We are very happy to announce that Maciej Kuzniar and Peter Peresini have successfully defended their PhDs at EPFL during Summer of 2016. They are the first PhD graduates of the PROPHET project. We are very grateful to Willy Zwaenepoel for being their advisor at EPFL, and to EPFL for providing a superb research environment. Their theses are available at the links below:
Maciej: Measuring and Managing Switch Diversity in Software Defined Networks
Peter: Simplifying Development and Management of Software-Defined Networks
At CoNEXT ’15 in Heidelberg, Peter presented our paper on Monocle, our system for dynamic monitoring of OpenFlow switch dataplanes. Monocle is capable of fine-grained monitoring for the majority of rules, and it can identify a rule suddenly missing from the data plane or misbehaving in a matter of seconds. Also, during network updates Monocle helps controllers cope with switches that exhibit transient inconsistencies. The paper itself is available here.
At the Symposium on Cloud Computing conference (SoCC) 2015, Kirill Bogdanov presented our work on performance debugging of replica selection algorithms in geo-distributed storage systems. We found bugs in widely-used systems, such as Cassandra and MongoDB.

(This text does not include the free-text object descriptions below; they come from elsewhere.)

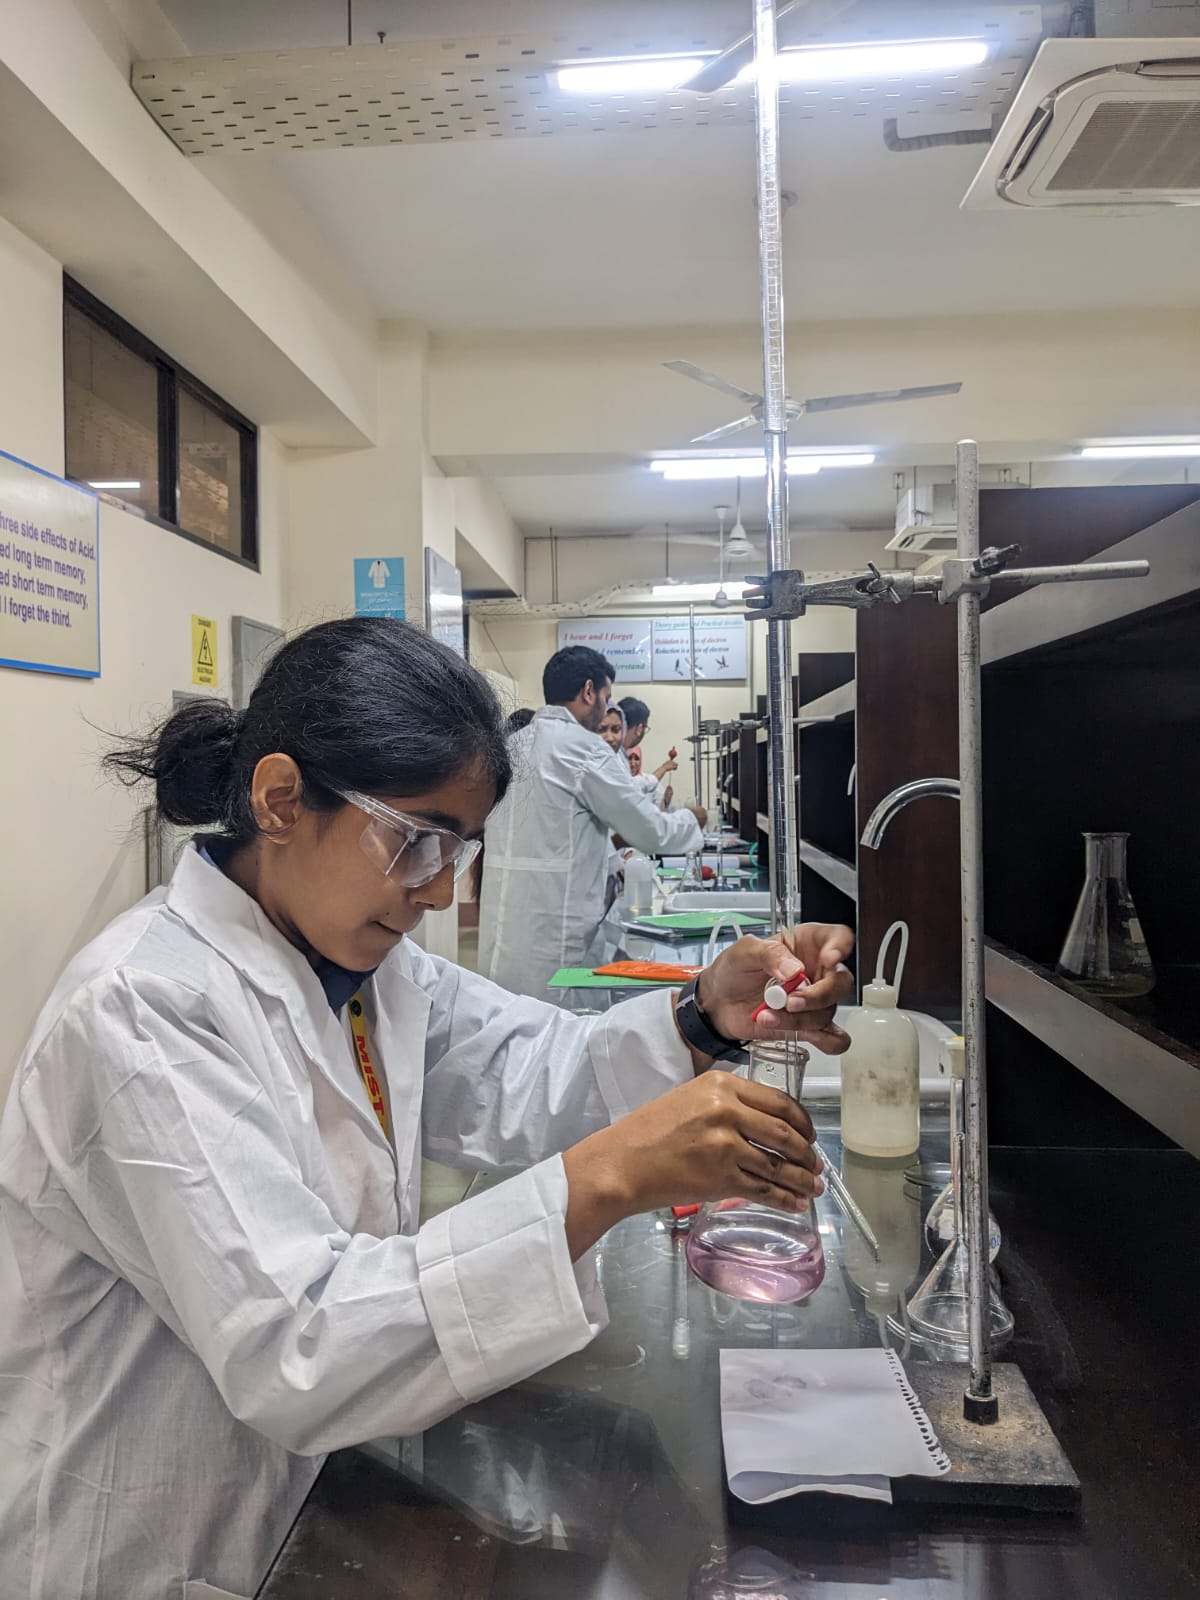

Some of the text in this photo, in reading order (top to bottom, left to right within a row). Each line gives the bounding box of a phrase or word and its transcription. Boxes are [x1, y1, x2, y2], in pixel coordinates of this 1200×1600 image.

[21, 520, 39, 541] side
[41, 528, 68, 551] effects
[69, 538, 77, 553] of
[79, 540, 96, 560] Acid.
[13, 543, 32, 570] long
[34, 551, 53, 572] term
[54, 560, 86, 585] memory,
[12, 572, 35, 593] short
[36, 579, 55, 598] term
[57, 587, 88, 610] memory,
[9, 597, 35, 623] forget
[37, 604, 50, 623] the
[52, 608, 72, 628] third.
[589, 632, 603, 640] and
[610, 632, 633, 642] forget
[356, 1034, 385, 1116] MIST

Kirill entered the Student Research Competition at SIGCOMM 2015 and described the work with this three-minute video
The full abstract is as follows:
Modern distributed systems are geo-distributed for reasons of increased performance, reliability, and survivability. At the heart of many such systems, e.g., the widely used Cassandra and MongoDB data stores, is an algorithm for choosing a closest set of replicas to service a client request. Dynamically changing network conditions pose a significant problem, with suboptimal replica choices resulting in reduced performance due to increasing response latency. In this paper we present GeoPerf, a tool that tries to automate the process of systematically testing the performance of replica selection algorithms for geo-distributed storage systems. At the core of our approach is a novel technique that combines symbolic execution and lightweight modeling to generate a set of inputs that can expose weaknesses in replica selection. As part of our evaluation, we analyzed network round trip times between geographically distributed regions of the Amazon EC2 cloud, and compute how often the order of nearest replicas changed per day from any given region’s perspective. We tested Cassandra and MongoDB using our tool, and found bugs in each of these systems. Finally, we use our collected Amazon EC2 latency traces to study the behavior of these buggy replica selection algorithms under realistic circumstances. We find that significant time was lost due to programming errors. For example due to the bug in Cassandra, the median wasted time for 10% of all requests is above 50 ms.